(Records from a data source)
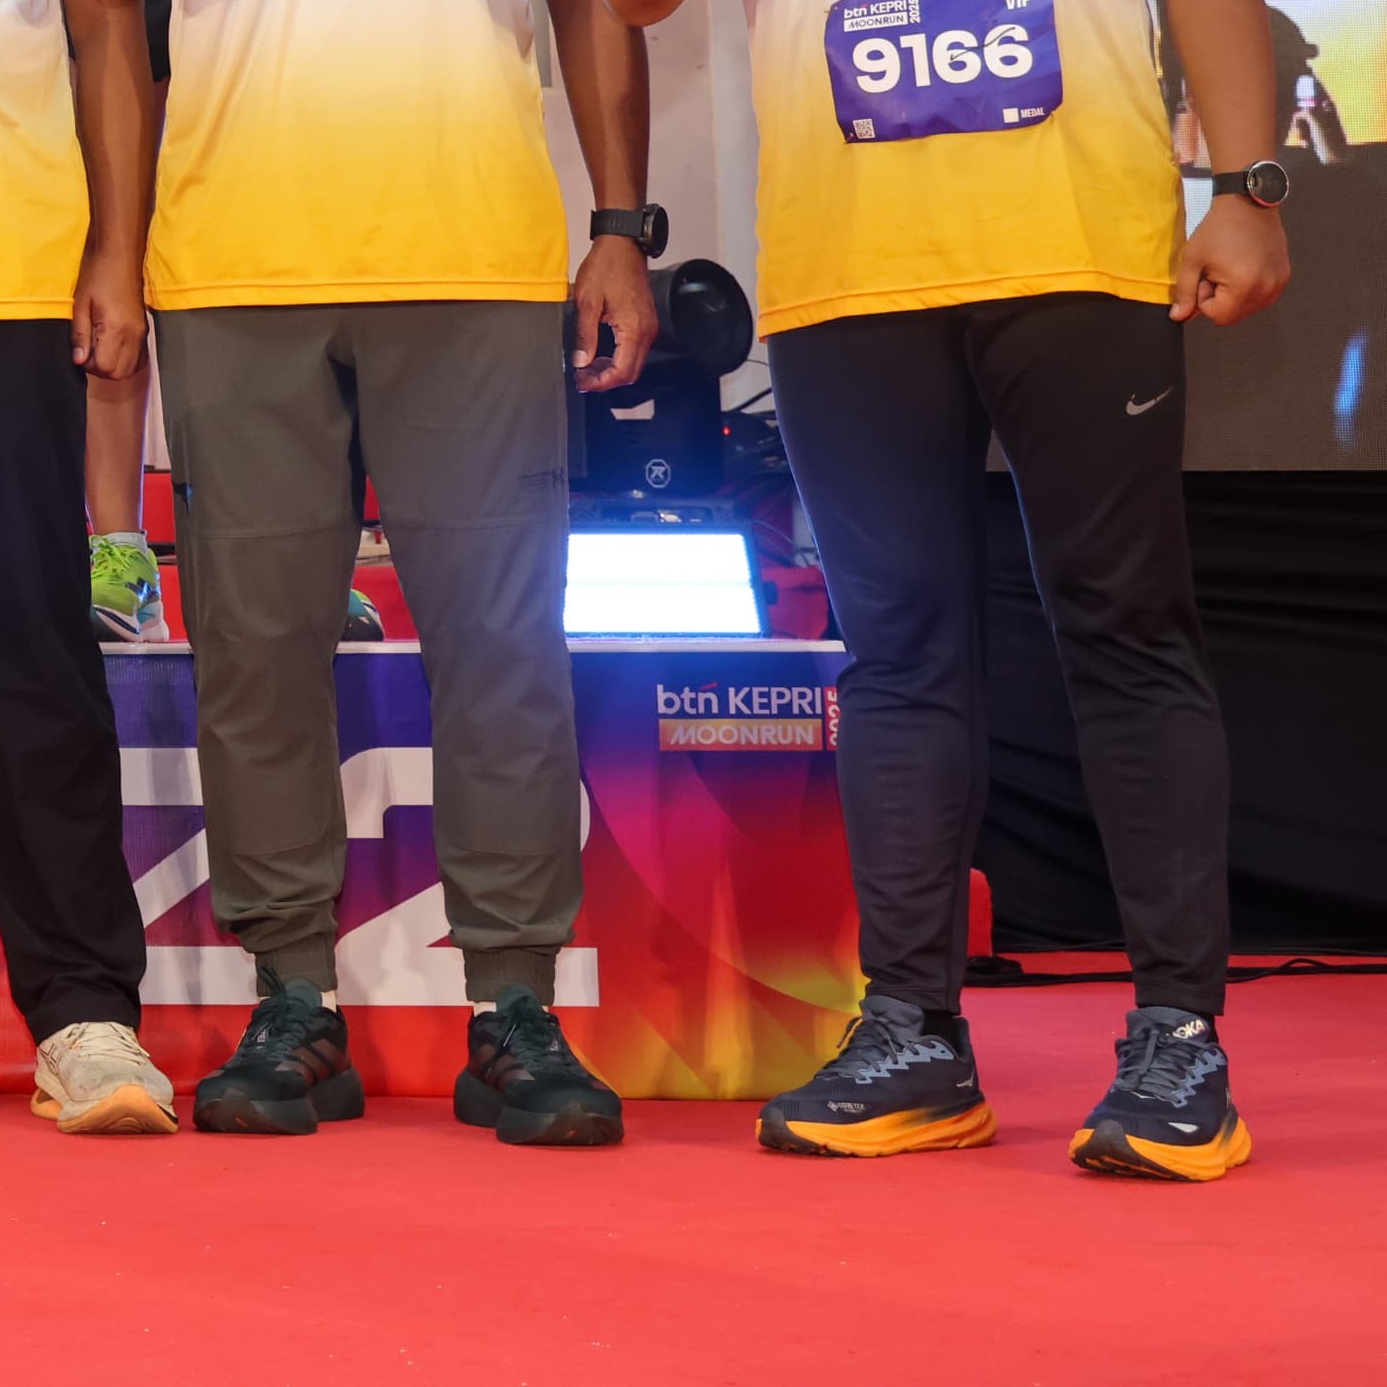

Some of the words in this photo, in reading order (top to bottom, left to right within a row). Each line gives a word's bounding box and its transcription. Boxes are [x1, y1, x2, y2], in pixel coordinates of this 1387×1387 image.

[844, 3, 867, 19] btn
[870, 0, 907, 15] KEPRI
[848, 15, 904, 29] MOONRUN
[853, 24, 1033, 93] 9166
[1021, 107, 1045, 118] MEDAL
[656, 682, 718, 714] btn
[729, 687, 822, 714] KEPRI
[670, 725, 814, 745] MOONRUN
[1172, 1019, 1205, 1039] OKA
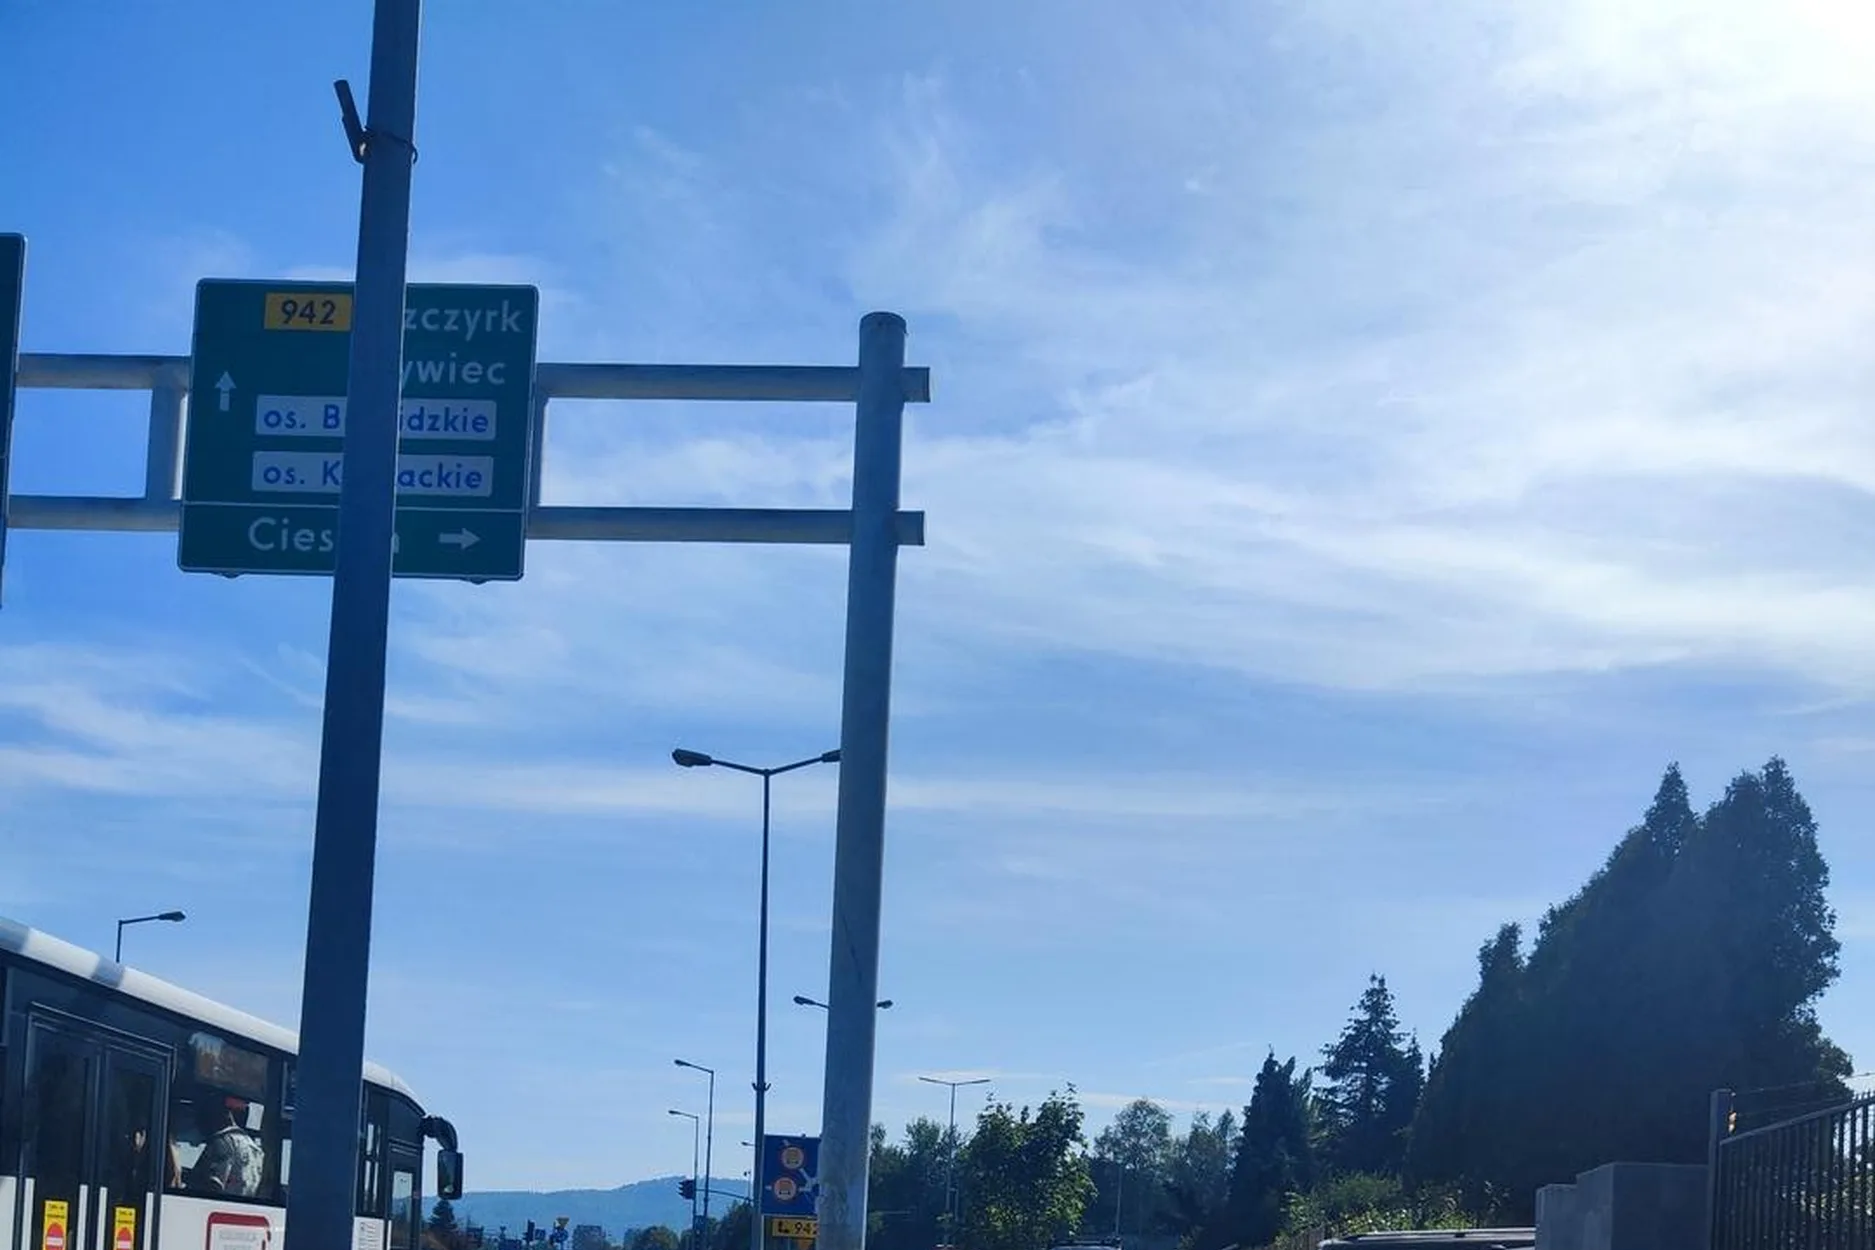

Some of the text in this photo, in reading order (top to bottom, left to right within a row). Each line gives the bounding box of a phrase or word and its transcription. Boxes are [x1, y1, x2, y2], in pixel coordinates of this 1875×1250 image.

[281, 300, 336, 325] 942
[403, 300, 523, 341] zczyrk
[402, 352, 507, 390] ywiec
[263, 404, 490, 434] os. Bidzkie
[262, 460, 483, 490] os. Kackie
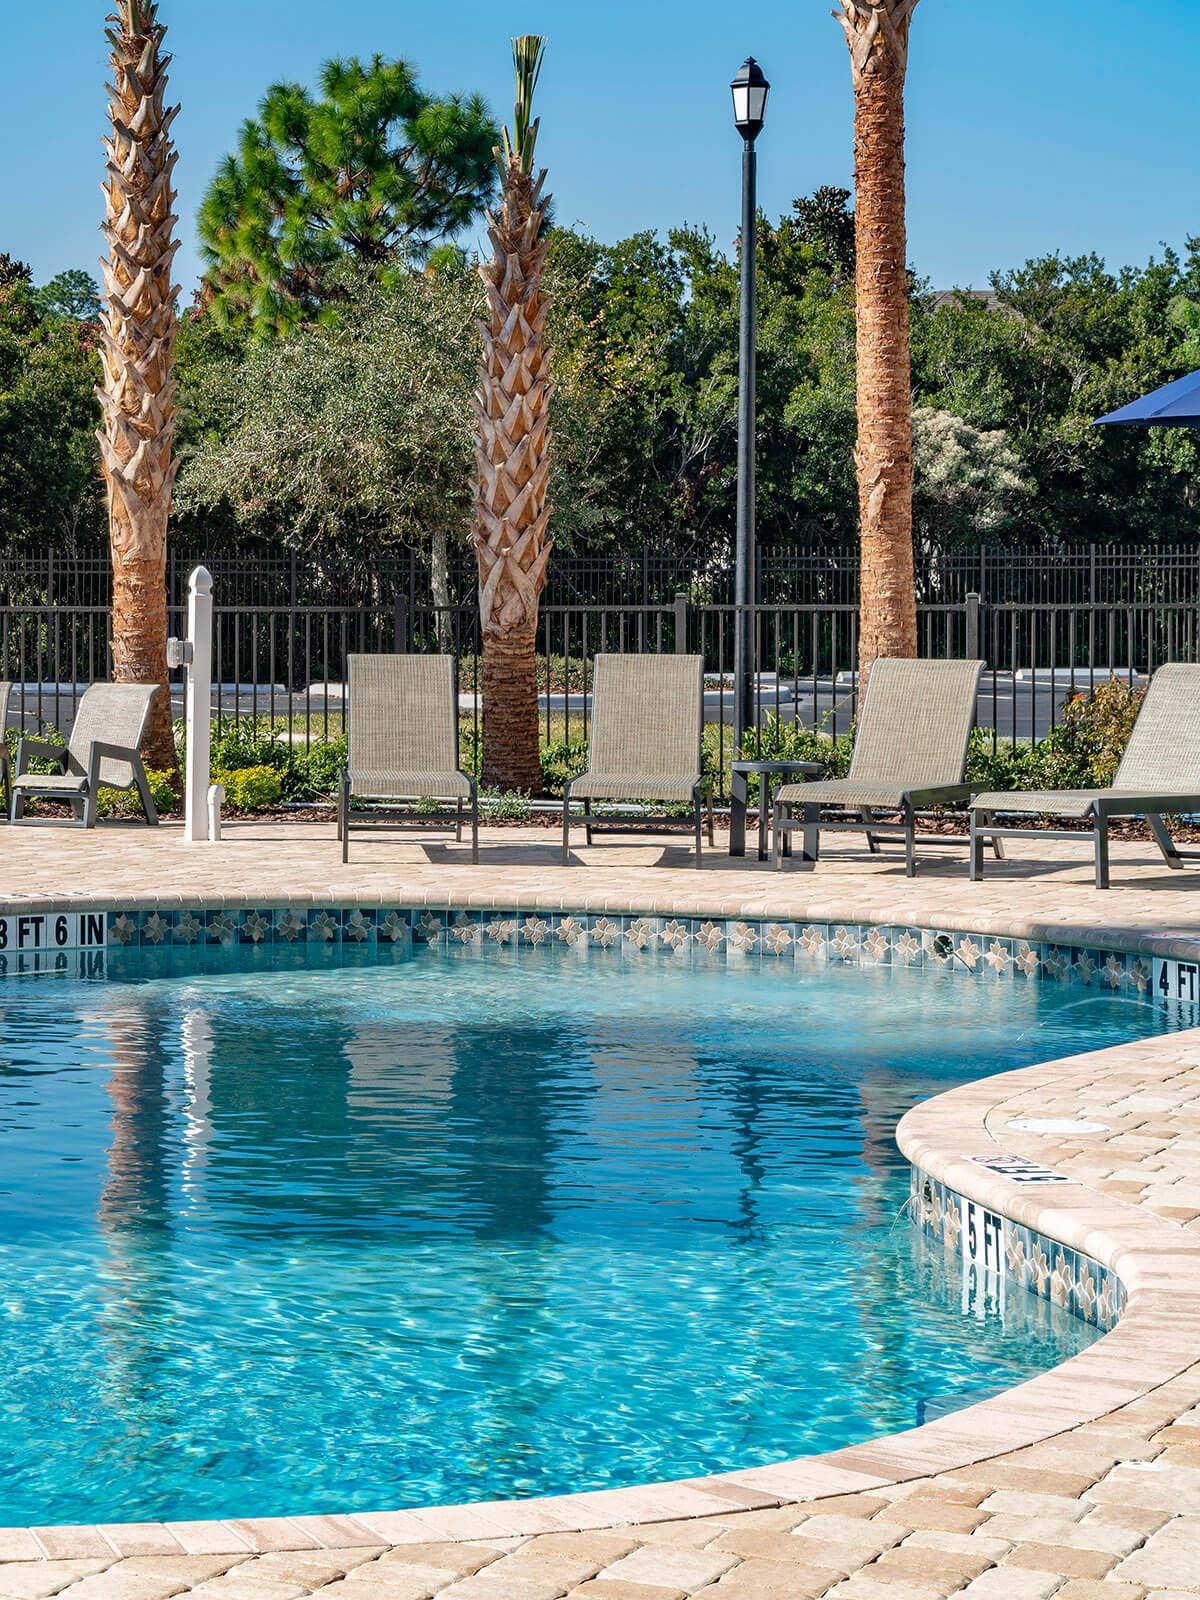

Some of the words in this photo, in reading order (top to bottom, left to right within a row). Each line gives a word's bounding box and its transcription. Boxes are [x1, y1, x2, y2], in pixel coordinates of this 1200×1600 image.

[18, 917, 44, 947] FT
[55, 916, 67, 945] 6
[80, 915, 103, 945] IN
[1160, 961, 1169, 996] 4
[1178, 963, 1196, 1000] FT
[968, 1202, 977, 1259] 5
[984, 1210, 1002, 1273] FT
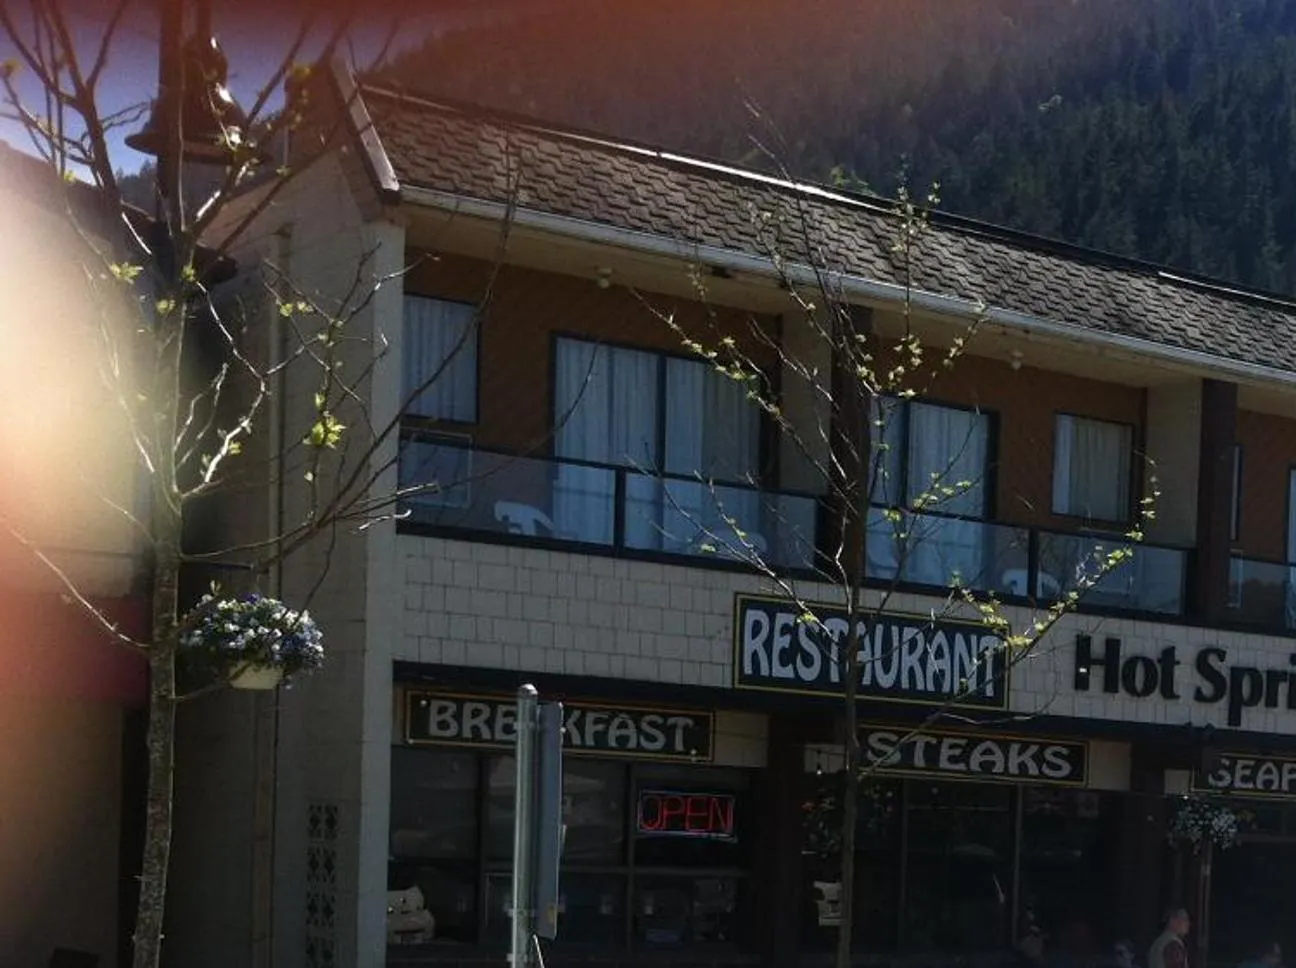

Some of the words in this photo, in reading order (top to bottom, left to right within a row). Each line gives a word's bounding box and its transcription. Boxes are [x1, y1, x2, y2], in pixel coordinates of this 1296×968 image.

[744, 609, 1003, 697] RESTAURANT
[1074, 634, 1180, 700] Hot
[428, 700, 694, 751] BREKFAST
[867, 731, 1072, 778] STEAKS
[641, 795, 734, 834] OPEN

#### What to produce
Although the records above contain pictures, only their text is to be repeated, exactly as given.

#### Answer to the problem
Some of the words in this photo, in reading order (top to bottom, left to right within a row). Each line gives a word's bounding box and its transcription. Boxes are [x1, y1, x2, y2], in pixel coordinates of this 1387×1387 image.

[844, 3, 867, 19] btn
[870, 0, 907, 15] KEPRI
[848, 15, 904, 29] MOONRUN
[853, 24, 1033, 93] 9166
[1021, 107, 1045, 118] MEDAL
[656, 682, 718, 714] btn
[729, 687, 822, 714] KEPRI
[670, 725, 814, 745] MOONRUN
[1172, 1019, 1205, 1039] OKA

Some of the text in this photo, in reading order (top to bottom, left to right within a row). Each line gives the bounding box of a phrase or word and its transcription. Boxes are [x1, y1, x2, y2], in pixel coordinates of this 1875×1250 image.

[281, 300, 336, 325] 942
[403, 300, 523, 341] zczyrk
[402, 352, 507, 390] ywiec
[263, 404, 490, 434] os. Bidzkie
[262, 460, 483, 490] os. Kackie

Some of the words in this photo, in reading order (top to bottom, left to right within a row). Each line gives a word's bounding box and its transcription. Boxes are [x1, y1, x2, y2], in pixel coordinates of this 1200×1600 image.

[18, 917, 44, 947] FT
[55, 916, 67, 945] 6
[80, 915, 103, 945] IN
[1160, 961, 1169, 996] 4
[1178, 963, 1196, 1000] FT
[968, 1202, 977, 1259] 5
[984, 1210, 1002, 1273] FT

Some of the words in this photo, in reading order (top to bottom, left to right within a row). Each line gives a word's bounding box and its transcription. Boxes are [x1, y1, x2, y2], in pixel coordinates of this 1296×968 image.

[744, 609, 1003, 697] RESTAURANT
[1074, 634, 1180, 700] Hot
[428, 700, 694, 751] BREKFAST
[867, 731, 1072, 778] STEAKS
[641, 795, 734, 834] OPEN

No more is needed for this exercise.